Source records
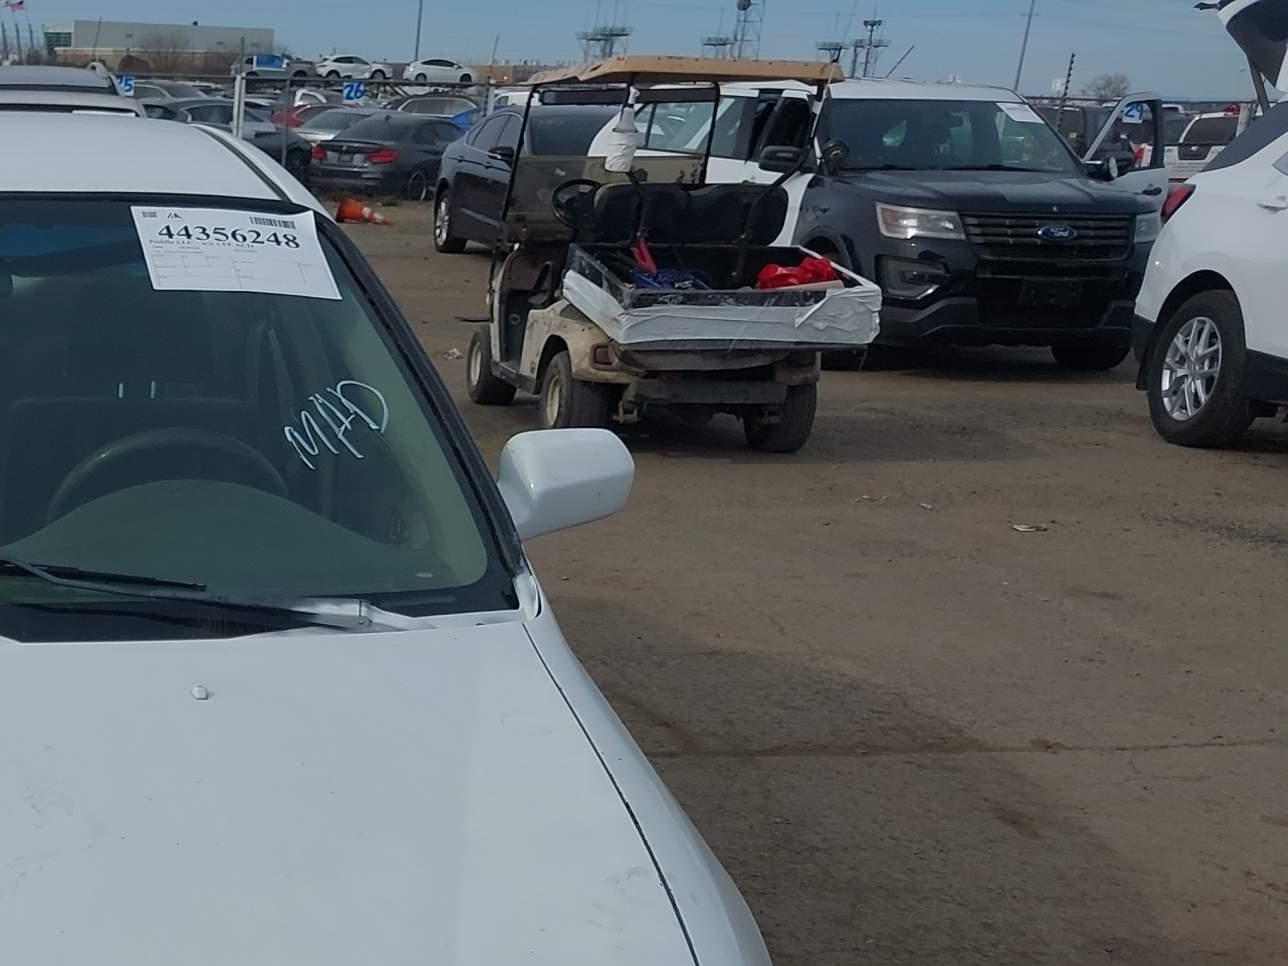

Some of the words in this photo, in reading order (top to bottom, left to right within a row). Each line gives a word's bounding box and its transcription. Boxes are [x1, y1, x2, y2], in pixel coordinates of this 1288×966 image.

[343, 82, 364, 100] 26
[1124, 102, 1144, 120] 29
[158, 224, 300, 249] 44356248
[284, 380, 389, 469] MAD
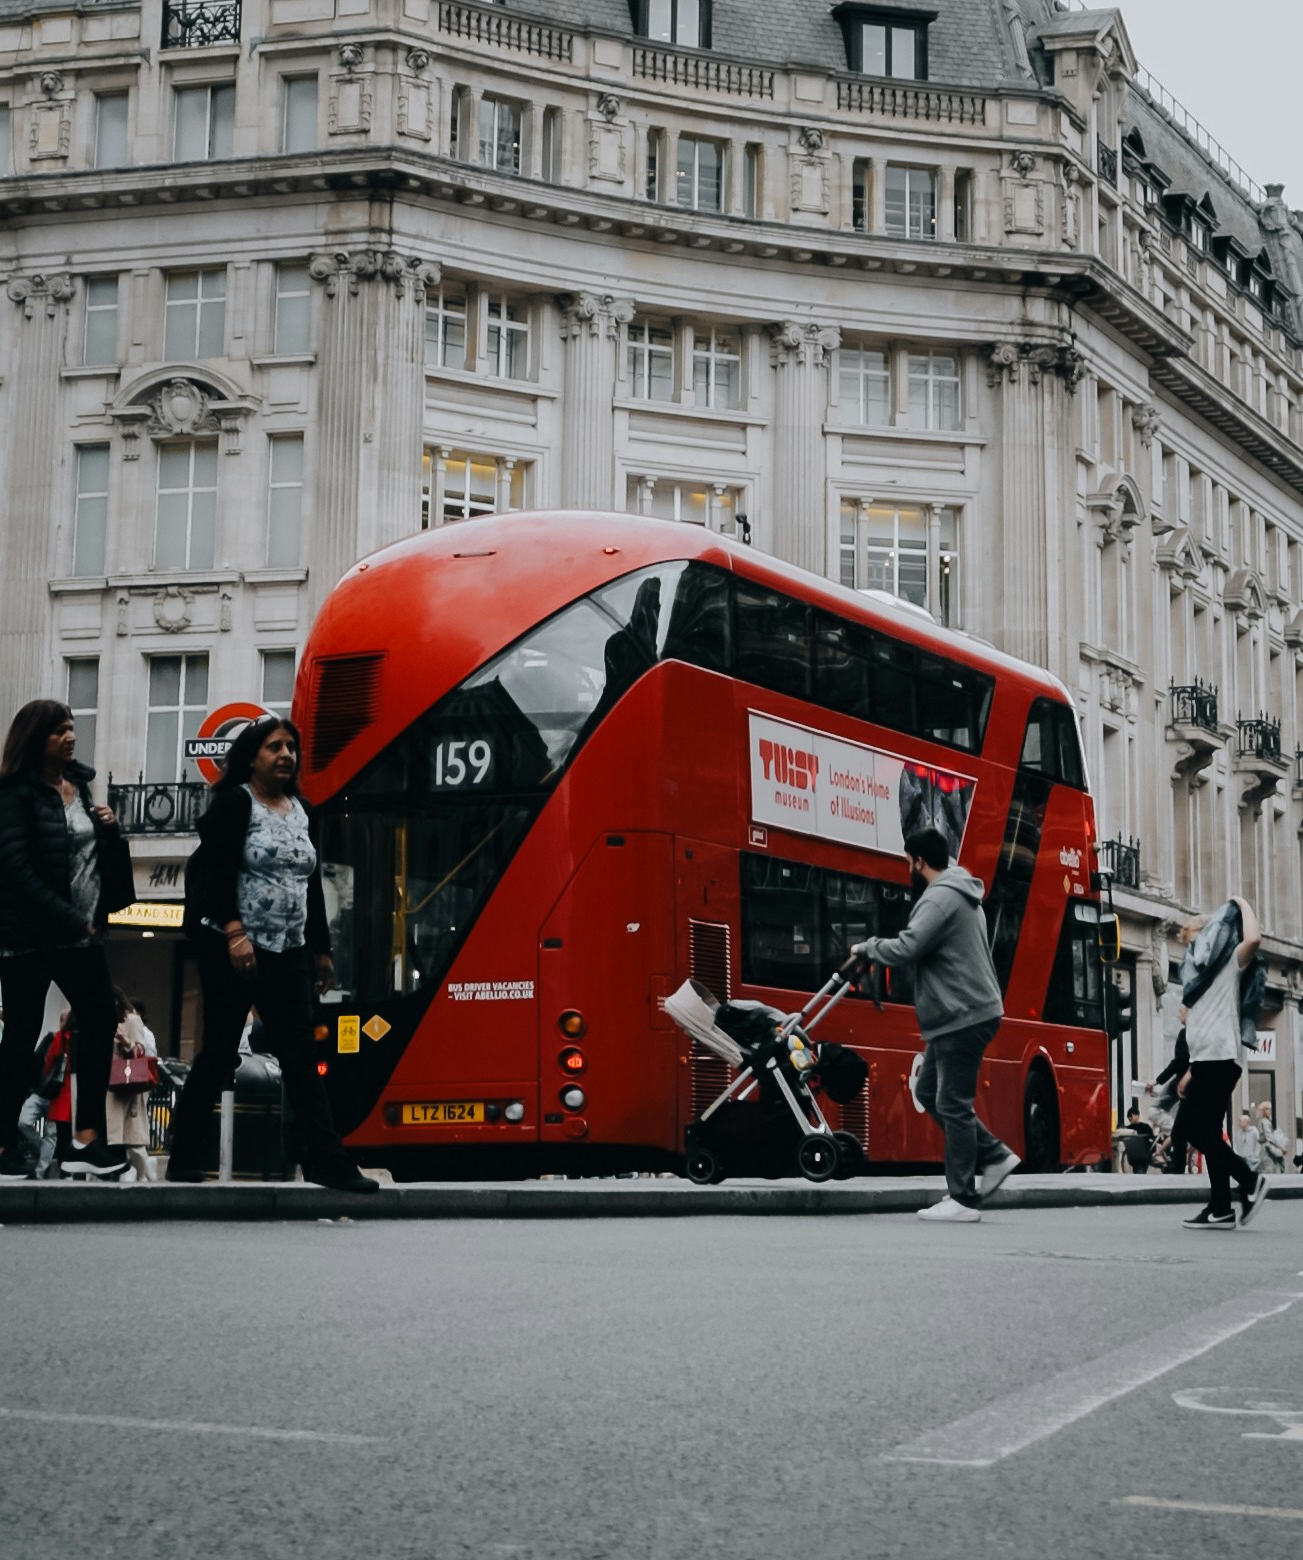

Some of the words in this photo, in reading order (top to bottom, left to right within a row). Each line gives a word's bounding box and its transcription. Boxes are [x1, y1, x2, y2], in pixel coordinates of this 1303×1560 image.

[188, 742, 233, 754] UNDER
[436, 740, 491, 785] 159
[828, 764, 866, 794] London's
[867, 776, 890, 800] Home
[775, 790, 810, 812] museum
[830, 796, 839, 816] of
[841, 798, 875, 825] Illusions
[149, 864, 182, 887] H&M
[448, 983, 463, 992] BUS
[464, 982, 491, 991] DRIVER
[492, 981, 534, 990] VACANCIES
[454, 991, 473, 1000] VISIT
[475, 990, 534, 1000] ABELLIO.CO.UK
[411, 1106, 440, 1121] LTZ
[443, 1105, 475, 1121] 1624

Activity = Set every record down verbatim. No pictures belong in the copy.

Result for this task =
Some of the words in this photo, in reading order (top to bottom, left to right within a row). Each line gives a word's bounding box and its transcription. Boxes are [x1, y1, x2, y2], in pixel coordinates of this 1288×966 image.

[343, 82, 364, 100] 26
[1124, 102, 1144, 120] 29
[158, 224, 300, 249] 44356248
[284, 380, 389, 469] MAD

Some of the words in this photo, in reading order (top to bottom, left to right within a row). Each line gives a word's bounding box and its transcription. Boxes are [x1, y1, x2, y2], in pixel coordinates of this 1303×1560 image.

[188, 742, 233, 754] UNDER
[436, 740, 491, 785] 159
[828, 764, 866, 794] London's
[867, 776, 890, 800] Home
[775, 790, 810, 812] museum
[830, 796, 839, 816] of
[841, 798, 875, 825] Illusions
[149, 864, 182, 887] H&M
[448, 983, 463, 992] BUS
[464, 982, 491, 991] DRIVER
[492, 981, 534, 990] VACANCIES
[454, 991, 473, 1000] VISIT
[475, 990, 534, 1000] ABELLIO.CO.UK
[411, 1106, 440, 1121] LTZ
[443, 1105, 475, 1121] 1624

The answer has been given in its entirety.